Creo que fue durante esta época, a mediados de la década de los cuarenta, cuando comencé a confeccionar el plan que a usted tanto le interesa conocer. En la misma libreta en la que escribía los versos patrióticos con los que gané el primer certamen de poesía Tizona, dibujaba esbozos del rostro del Caudillo, con los ojos cerrados y un tiro en la sien. Mientras tanto, hastiados del ambiente oficial de esa España gris, un grupo de amigos decidimos refugiarnos en la literatura. Muchos de nosotros estábamos bien remunerados por el Estado, cobrando sueldos de escándalo por ocupar puestos burocráticos en no sé que ministerios, a los que jamás tuvimos que acudir. Gentes como Torrente Ballester, Dionisio Ridruejo, García Serrano, Agustín de Foxa, pasábamos las tardes en los cafés de moda, hablando de vanguardias, y las noches en los mejores prostíbulos de Madrid, recitándoles chorradas a las putas.

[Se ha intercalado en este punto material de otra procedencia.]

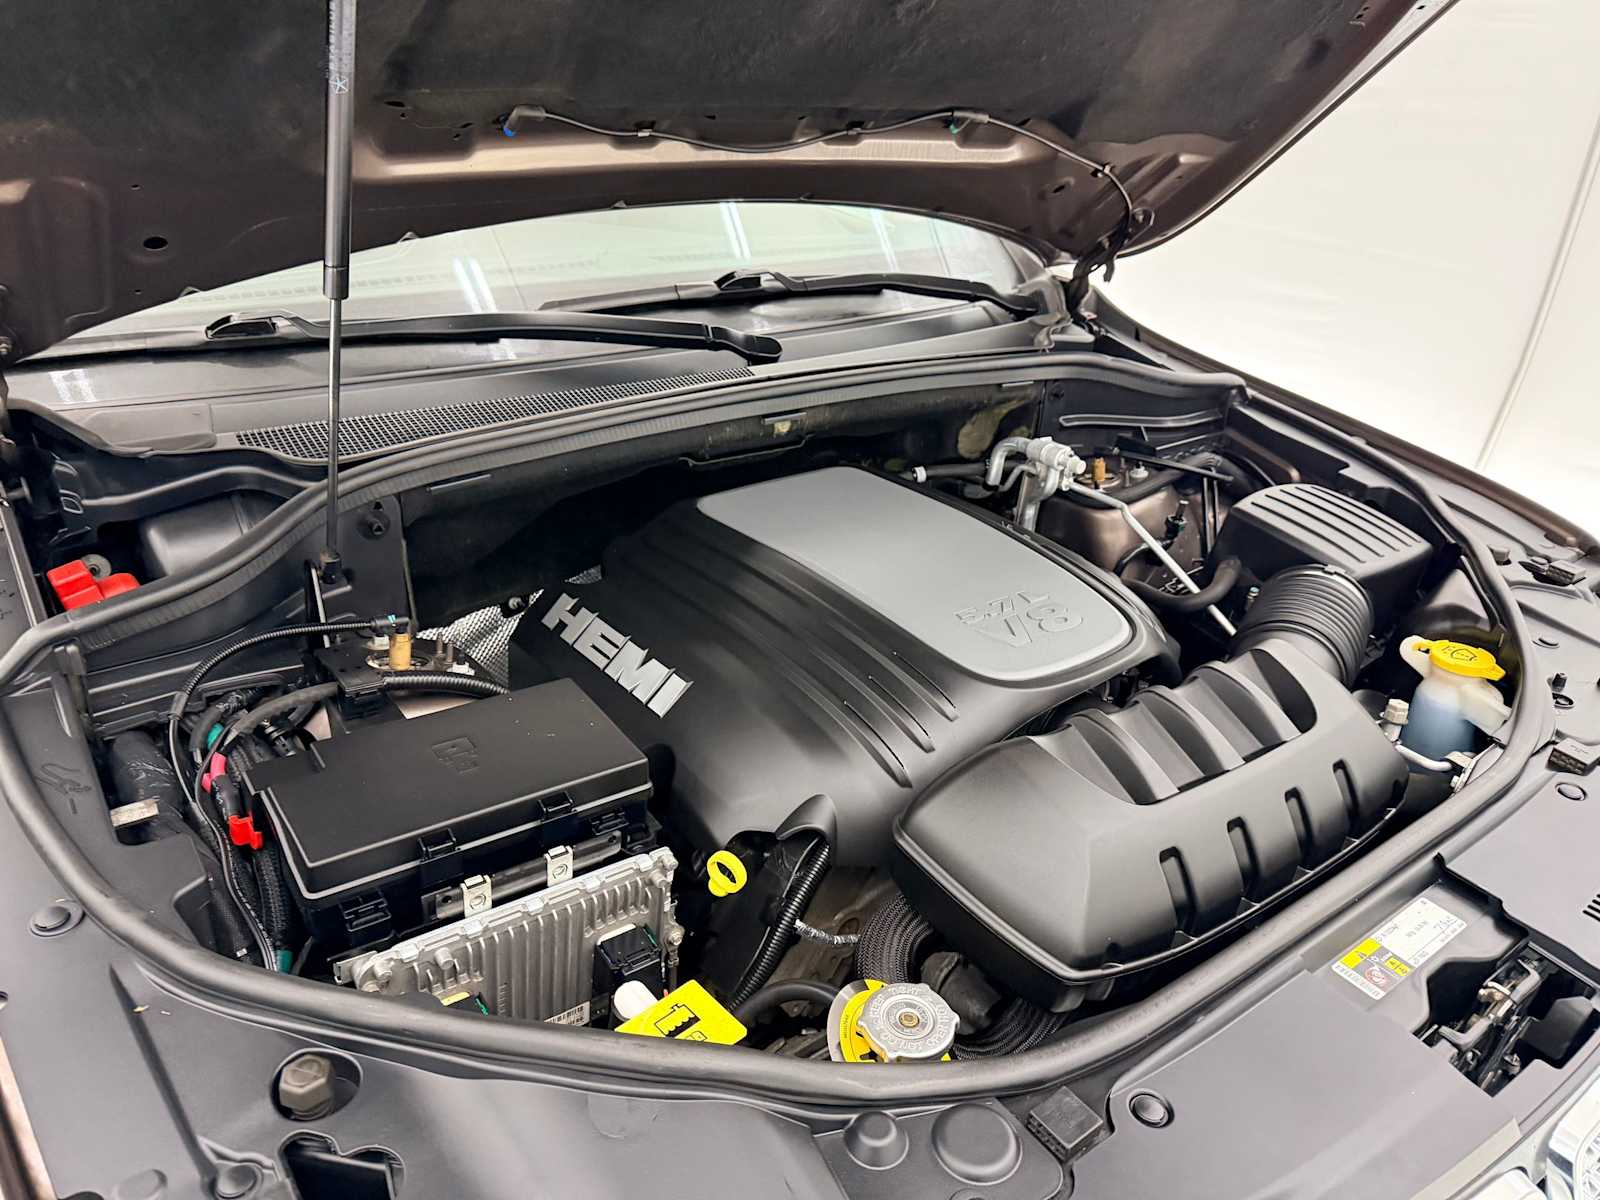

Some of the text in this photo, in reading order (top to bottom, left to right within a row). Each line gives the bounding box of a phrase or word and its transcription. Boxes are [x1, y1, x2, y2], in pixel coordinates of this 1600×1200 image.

[955, 591, 1050, 625] 5.7L
[967, 601, 1084, 649] V8
[541, 593, 694, 718] HEMI

Salvador Cuesta Pellicer, como Cervantes, es un hombre de pluma y espada. Le place leer a escritores como Pérez Reverte, Vázquez-Figueroa o Elías Meana (vecino de su misma urbanización, marino, expedicionario en la Antártida y en el Congo, y novelista), autores que destilan acción en sus páginas, «y no como toda esa caterva de estilistas que ni viven ni beben, que pasan la vida en su biblioteca picoteando como gallinas en la obra de los demás». Durante la entrevista, he temido que me pregunte si he leído Malaventura, aunque supongo que es consciente de que la nueva generación de lectores ha olvidado por completo su obra.

Continuará mañana...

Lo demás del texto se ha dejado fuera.